Source data:

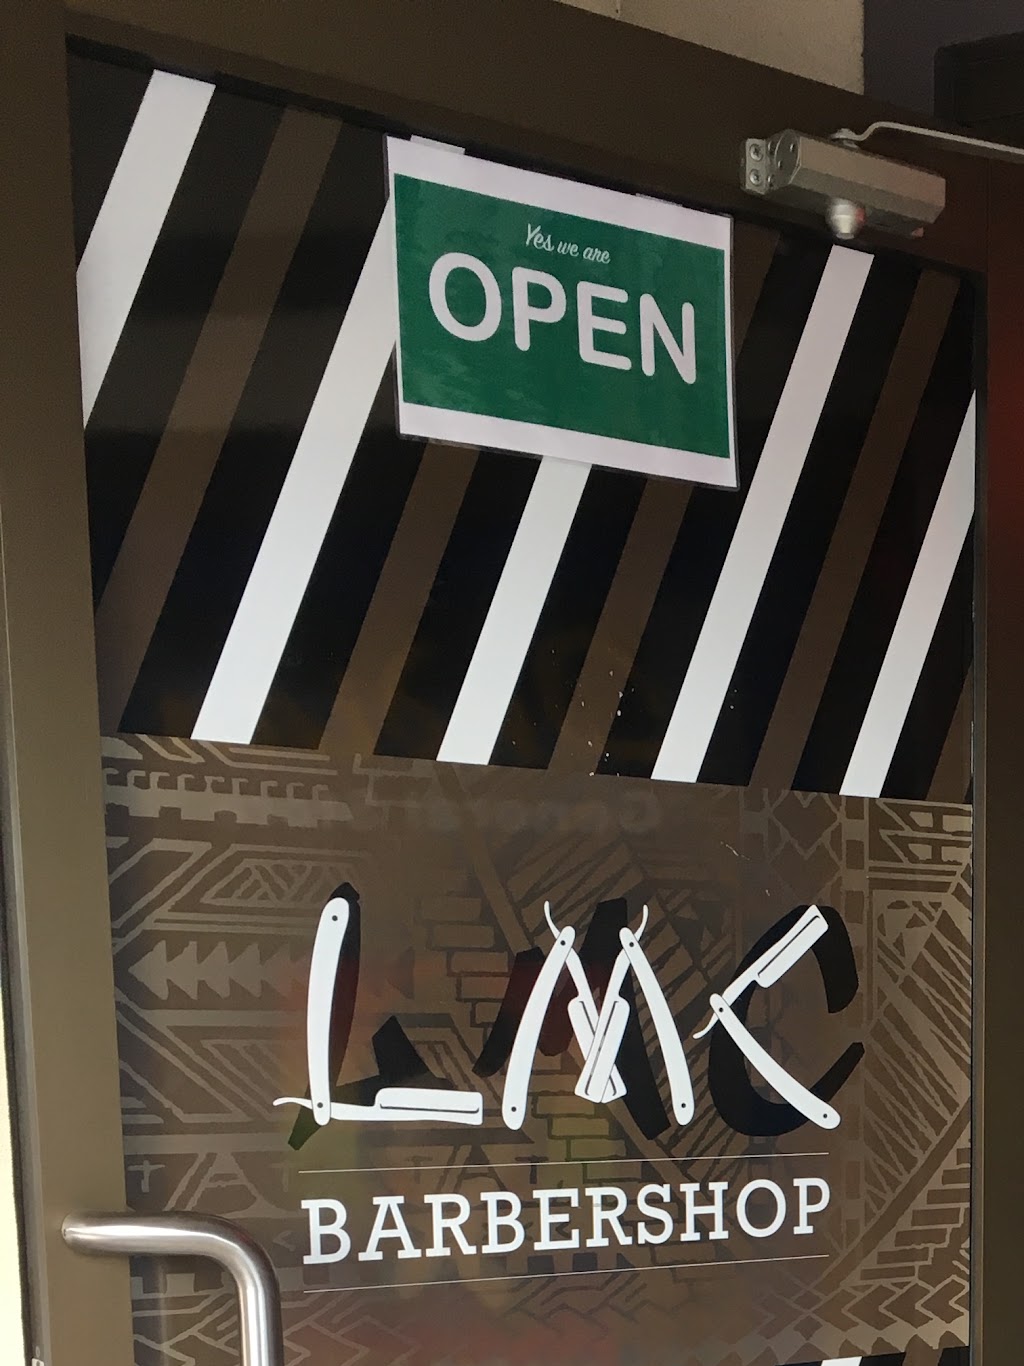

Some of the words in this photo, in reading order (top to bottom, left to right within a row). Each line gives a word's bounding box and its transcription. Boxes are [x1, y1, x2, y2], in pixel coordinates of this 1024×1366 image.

[525, 223, 555, 250] Yes
[557, 241, 579, 257] we
[583, 245, 611, 265] are
[428, 252, 697, 385] OPEN
[273, 896, 846, 1134] LMC
[301, 1177, 831, 1265] BARBERSHOP

What you will do: Reproduce the records in full and leave the images behind.

Solution below:
Some of the words in this photo, in reading order (top to bottom, left to right within a row). Each line gives a word's bounding box and its transcription. Boxes are [x1, y1, x2, y2], in pixel coordinates of this 1024×1366 image.

[525, 223, 555, 250] Yes
[557, 241, 579, 257] we
[583, 245, 611, 265] are
[428, 252, 697, 385] OPEN
[273, 896, 846, 1134] LMC
[301, 1177, 831, 1265] BARBERSHOP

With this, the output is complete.